Entries shown:
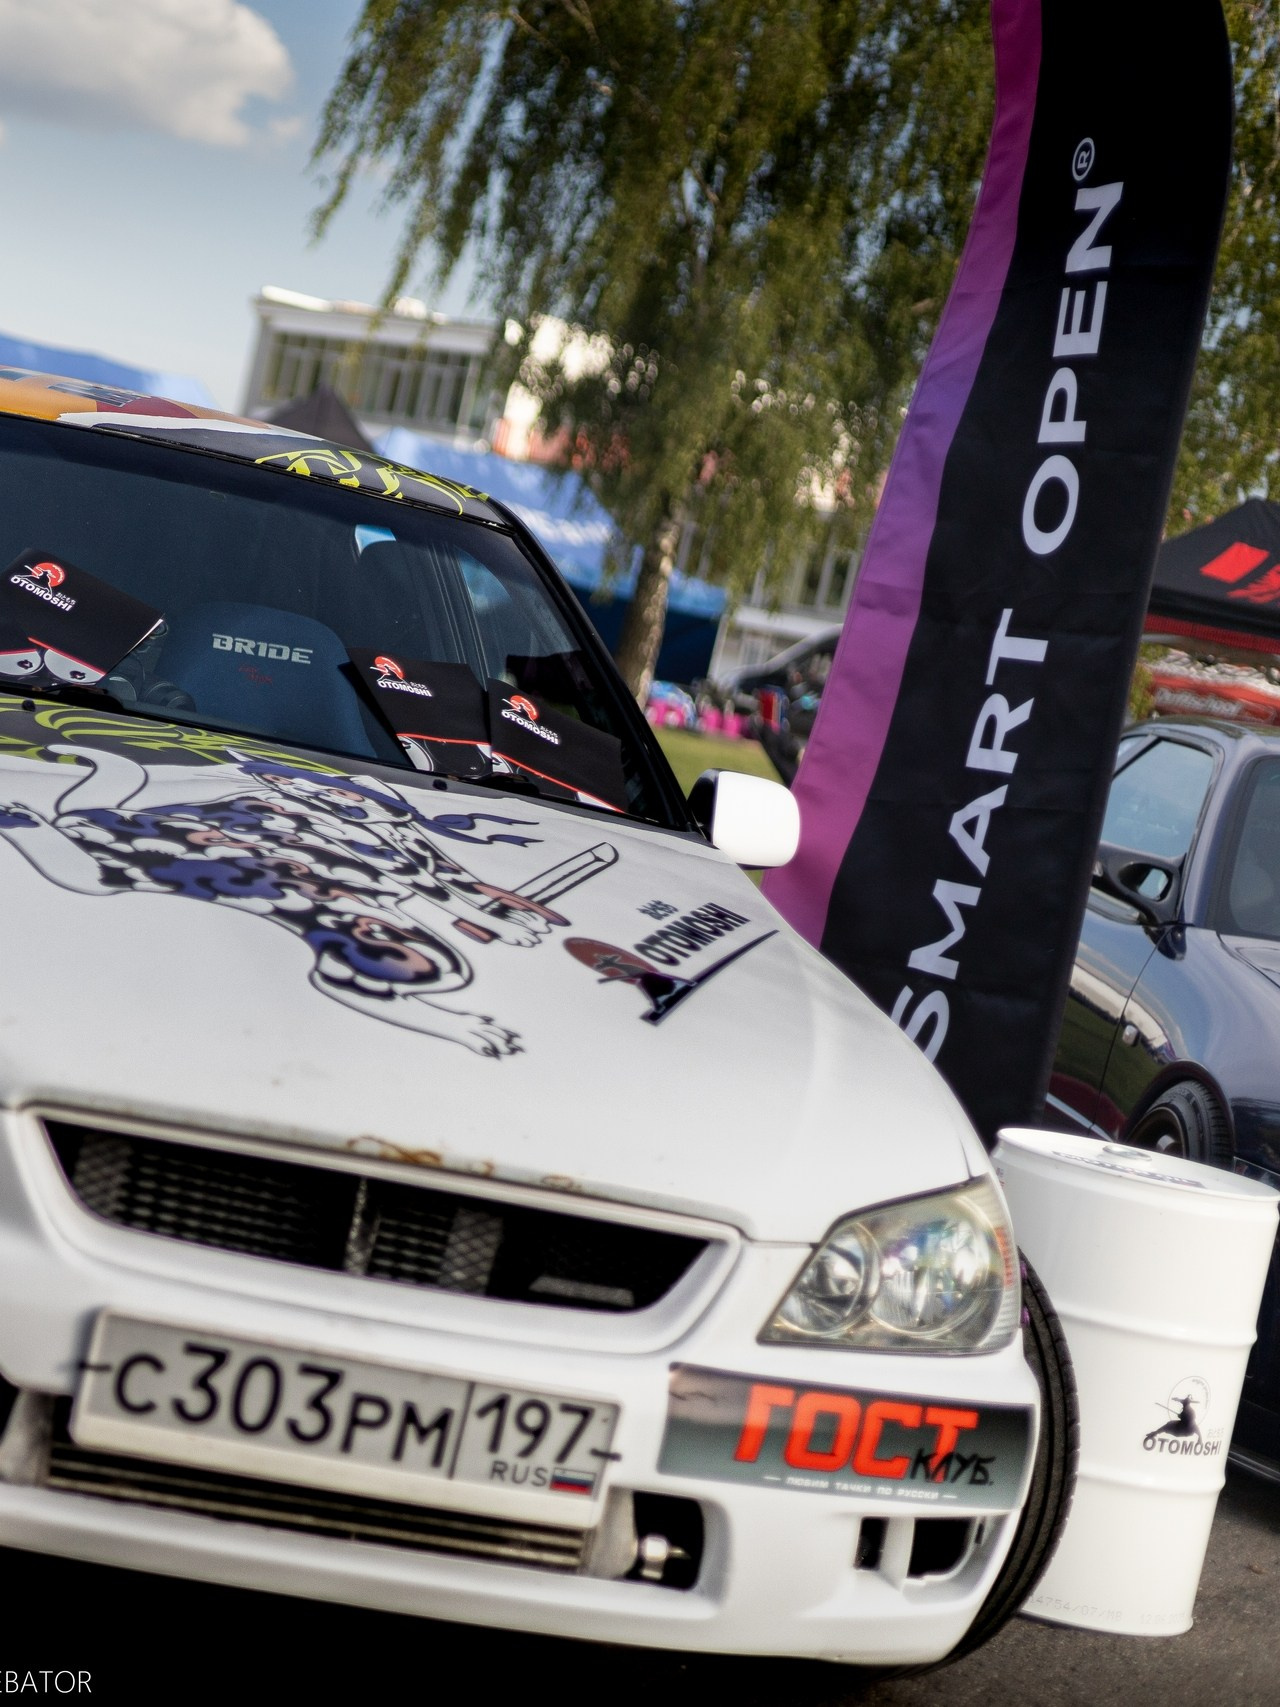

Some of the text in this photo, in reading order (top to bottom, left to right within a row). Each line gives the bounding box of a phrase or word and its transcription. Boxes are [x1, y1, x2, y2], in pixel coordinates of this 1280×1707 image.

[10, 576, 73, 612] OTOMOSHI
[212, 633, 314, 665] BRIDE
[377, 680, 433, 697] OTOMOSHI
[501, 710, 559, 745] OTOMOSHI
[891, 608, 1050, 1062] SMART
[633, 902, 752, 966] OTOMOSHI
[475, 1393, 596, 1465] 197
[733, 1382, 980, 1484] ГОСТ
[1142, 1436, 1222, 1456] OTOMOSHI
[489, 1460, 549, 1488] RUS
[834, 1481, 872, 1493] ТАЧКИ
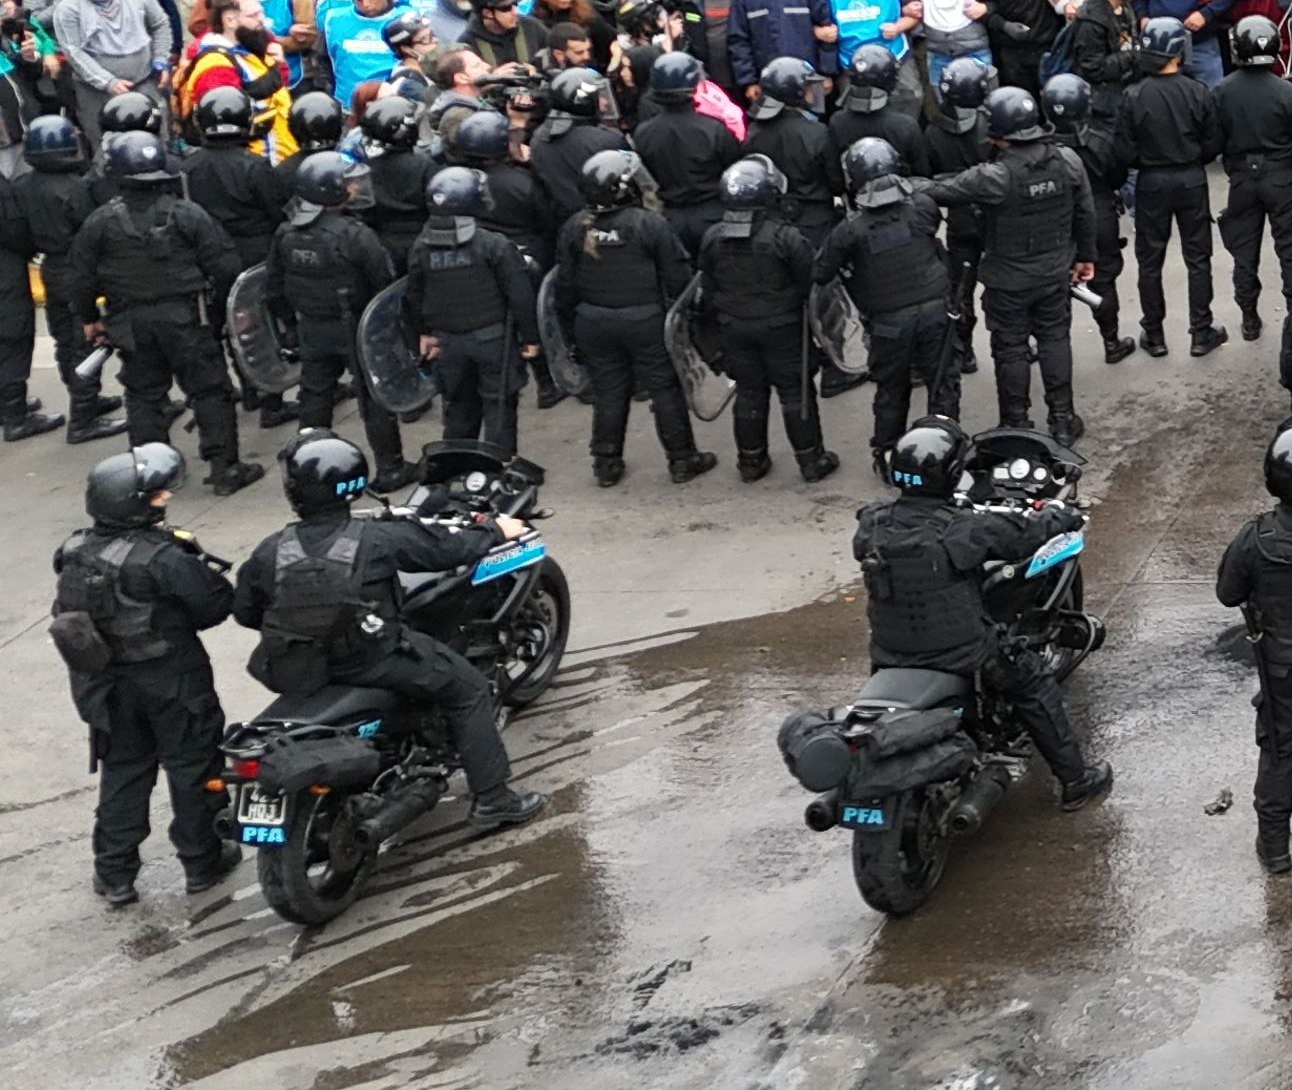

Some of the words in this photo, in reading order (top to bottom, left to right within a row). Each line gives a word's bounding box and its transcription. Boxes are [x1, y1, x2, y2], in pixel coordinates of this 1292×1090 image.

[1030, 181, 1056, 196] PFA
[337, 477, 365, 494] PFA
[894, 471, 923, 485] PFA
[843, 807, 885, 824] PFA
[243, 826, 286, 842] PFA
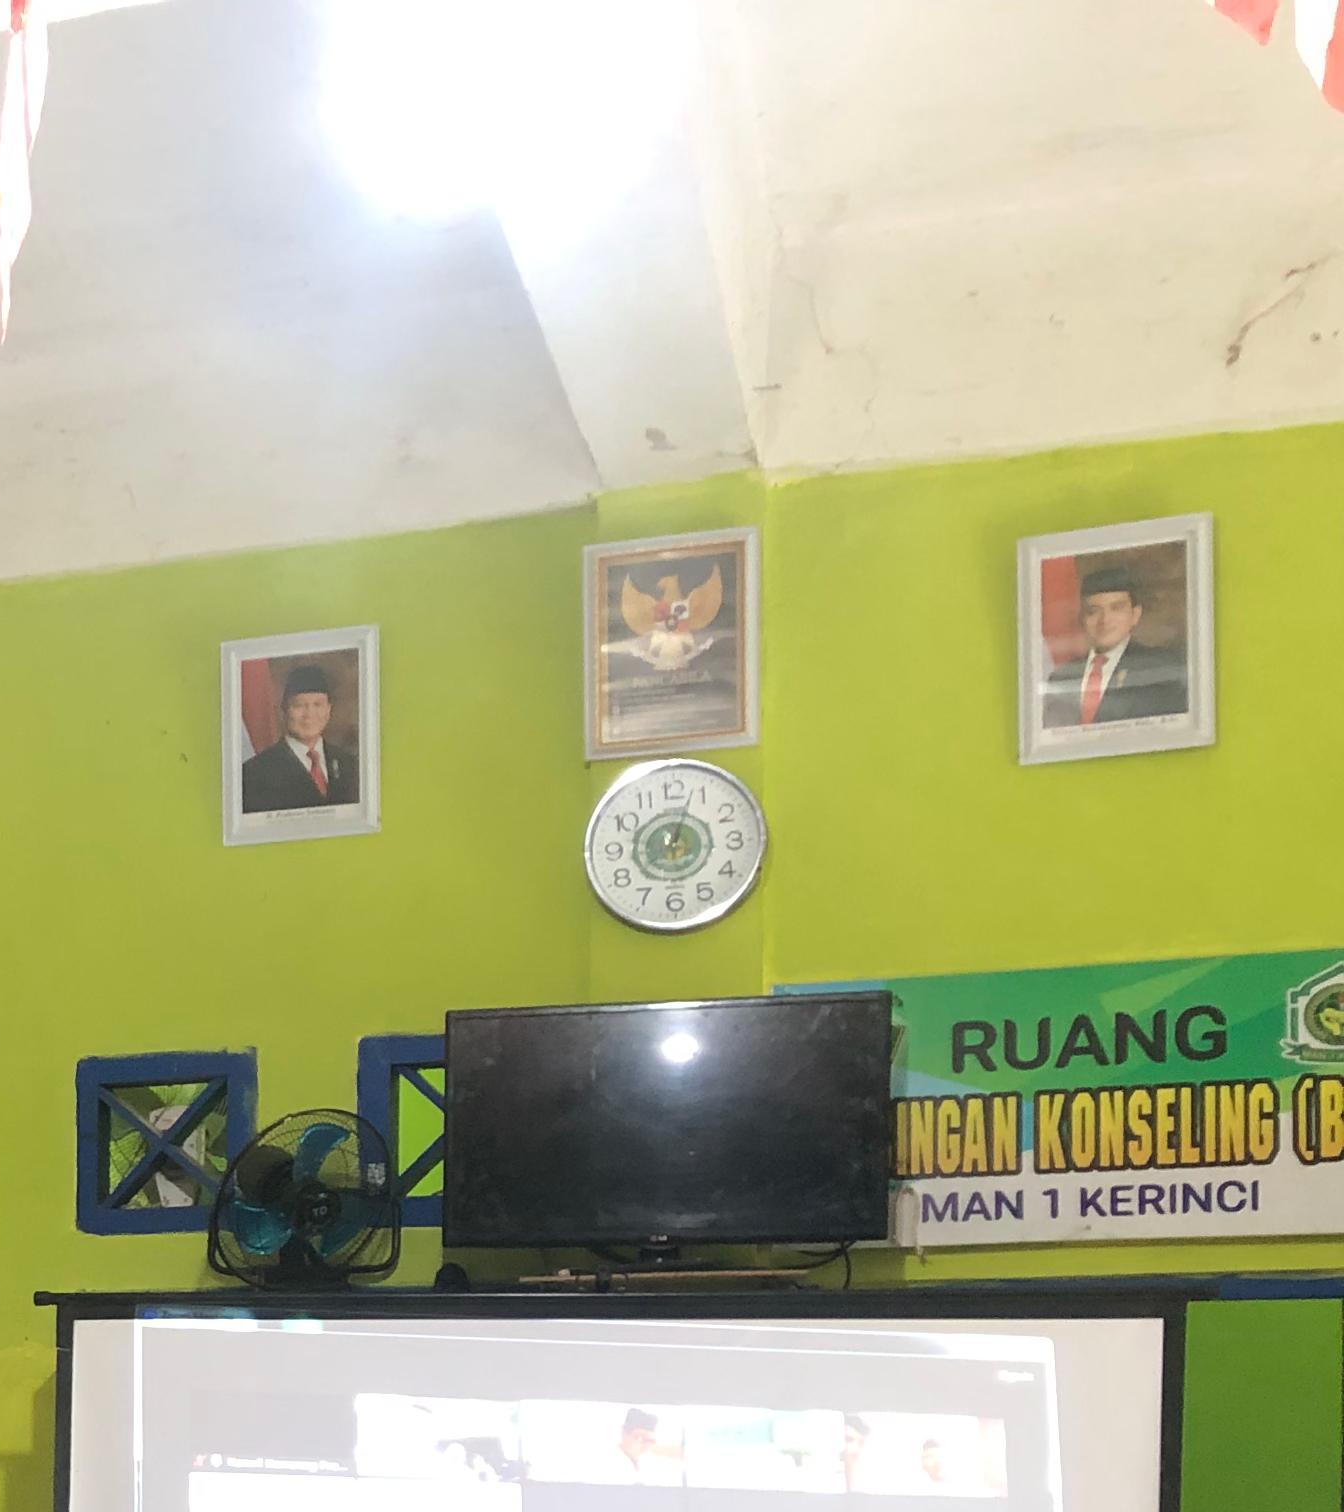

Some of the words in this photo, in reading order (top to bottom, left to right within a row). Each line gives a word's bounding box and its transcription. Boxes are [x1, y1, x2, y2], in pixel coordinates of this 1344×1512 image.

[637, 791, 653, 809] 11
[662, 779, 686, 801] 12
[698, 785, 706, 804] 1
[614, 812, 640, 832] 10
[717, 803, 735, 825] 2
[725, 830, 744, 851] 3
[604, 841, 624, 862] 9
[613, 868, 631, 888] 8
[717, 860, 736, 879] 4
[635, 887, 653, 906] 7
[695, 882, 714, 901] 5
[665, 892, 686, 912] 6
[950, 1004, 1229, 1074] RUANG
[896, 1096, 1021, 1177] INGAN
[1036, 1081, 1277, 1171] KONSELING
[921, 1189, 1024, 1223] MAN
[1045, 1187, 1059, 1219] 1
[1079, 1180, 1261, 1218] KERINCI
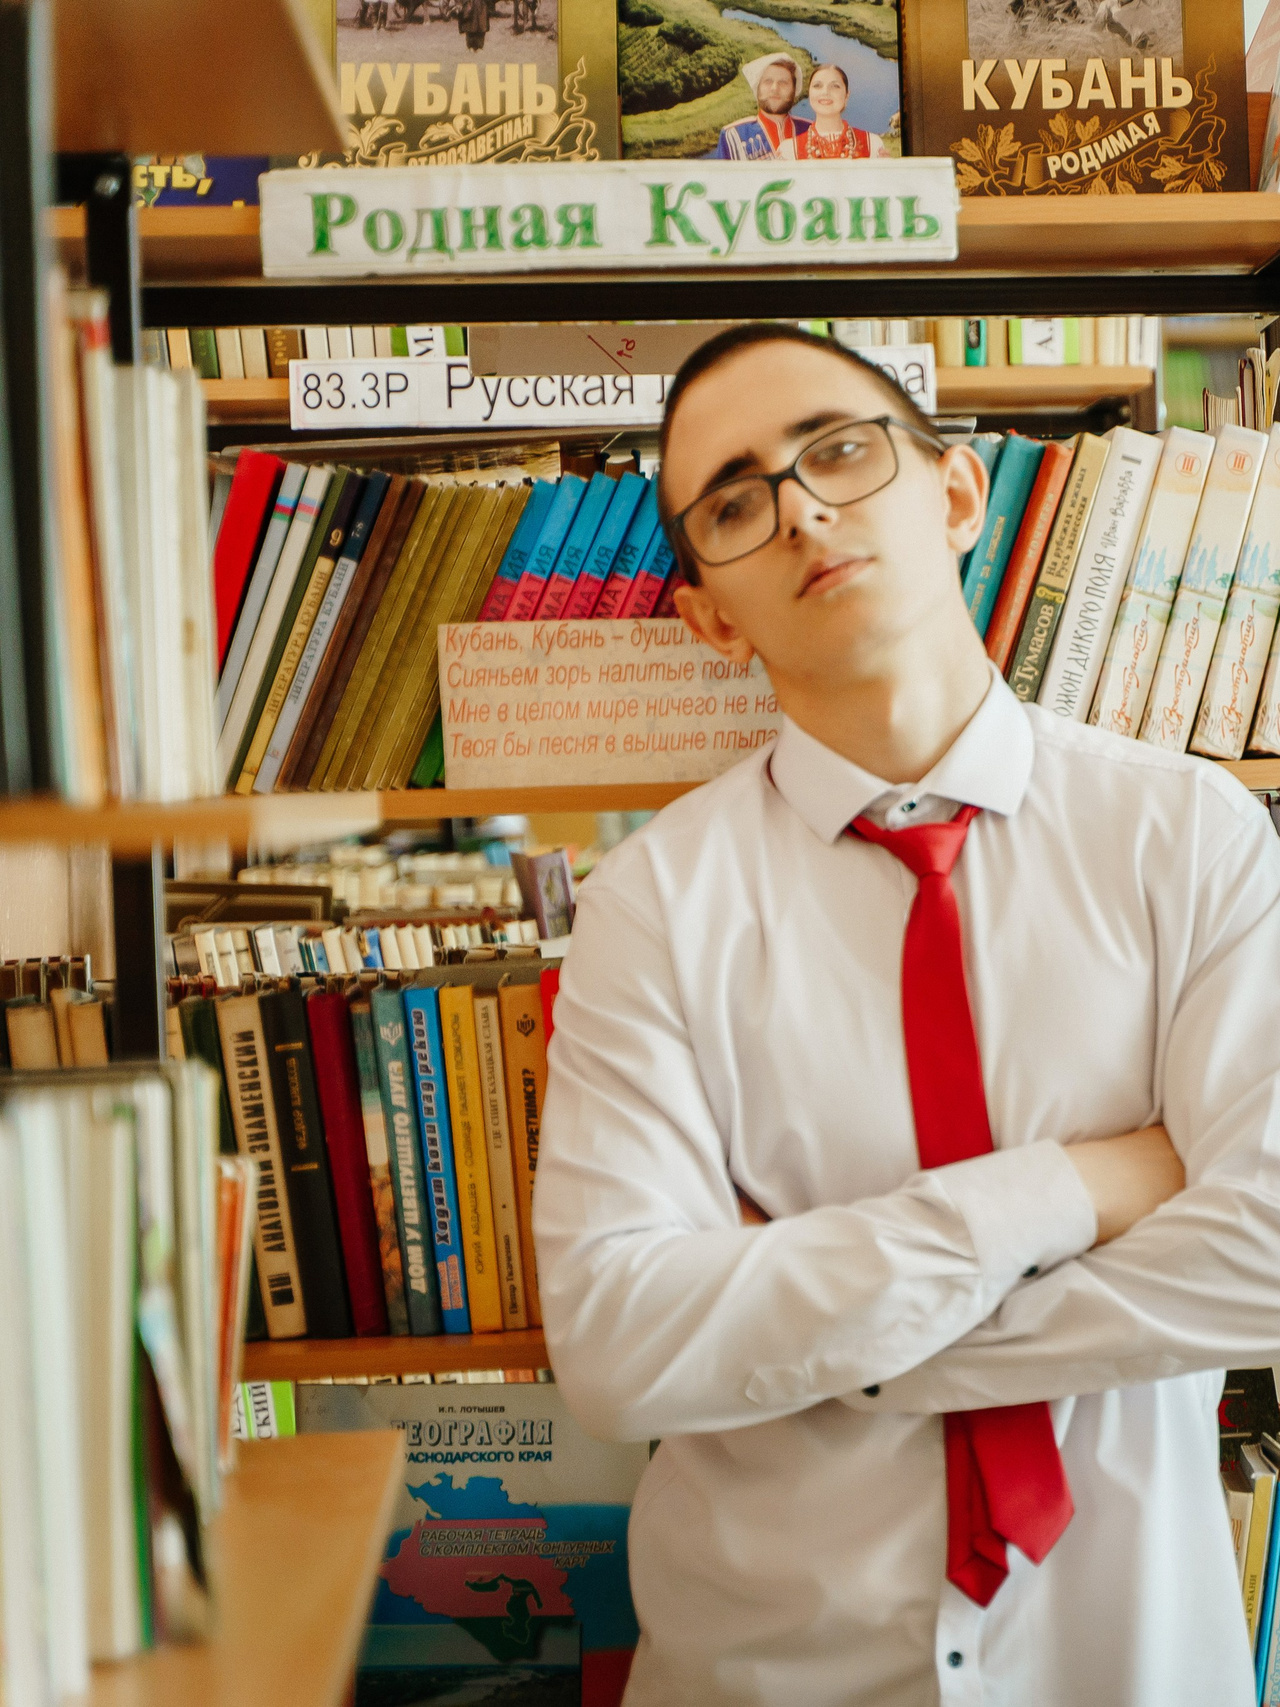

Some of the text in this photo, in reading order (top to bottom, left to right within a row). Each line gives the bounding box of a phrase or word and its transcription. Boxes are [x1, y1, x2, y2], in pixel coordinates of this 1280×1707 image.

Problem to solve:
Output the entries verbatim but drop the images.

Exercise result:
Some of the text in this photo, in reading order (top to bottom, left to right within a row). Each line gives the bounding box of a phrase or word and its transcription. Boxes are [x1, y1, x2, y2], in pixel coordinates of this 1280×1707 image.

[10, 576, 73, 612] OTOMOSHI
[212, 633, 314, 665] BRIDE
[377, 680, 433, 697] OTOMOSHI
[501, 710, 559, 745] OTOMOSHI
[891, 608, 1050, 1062] SMART
[633, 902, 752, 966] OTOMOSHI
[475, 1393, 596, 1465] 197
[733, 1382, 980, 1484] ГОСТ
[1142, 1436, 1222, 1456] OTOMOSHI
[489, 1460, 549, 1488] RUS
[834, 1481, 872, 1493] ТАЧКИ

Some of the words in this photo, in reading order (top to bottom, left to right within a row). Each line gives a word's bounding box and its transcription. Boxes are [x1, y1, x2, y2], in pixel coordinates of this 1292×1090 image.

[1030, 181, 1056, 196] PFA
[337, 477, 365, 494] PFA
[894, 471, 923, 485] PFA
[843, 807, 885, 824] PFA
[243, 826, 286, 842] PFA

Some of the words in this photo, in reading order (top to bottom, left to right within a row). Each line gives a word's bounding box and its transcription. Boxes are [x1, y1, x2, y2], in pixel coordinates of this 1344×1512 image.

[637, 791, 653, 809] 11
[662, 779, 686, 801] 12
[698, 785, 706, 804] 1
[614, 812, 640, 832] 10
[717, 803, 735, 825] 2
[725, 830, 744, 851] 3
[604, 841, 624, 862] 9
[613, 868, 631, 888] 8
[717, 860, 736, 879] 4
[635, 887, 653, 906] 7
[695, 882, 714, 901] 5
[665, 892, 686, 912] 6
[950, 1004, 1229, 1074] RUANG
[896, 1096, 1021, 1177] INGAN
[1036, 1081, 1277, 1171] KONSELING
[921, 1189, 1024, 1223] MAN
[1045, 1187, 1059, 1219] 1
[1079, 1180, 1261, 1218] KERINCI

Some of the text in this photo, in reading order (top to bottom, left to right within a row). Each line gives the bounding box of a phrase or word and its transcription. Boxes are [x1, y1, x2, y2], in pixel coordinates of this 1280×1707 image.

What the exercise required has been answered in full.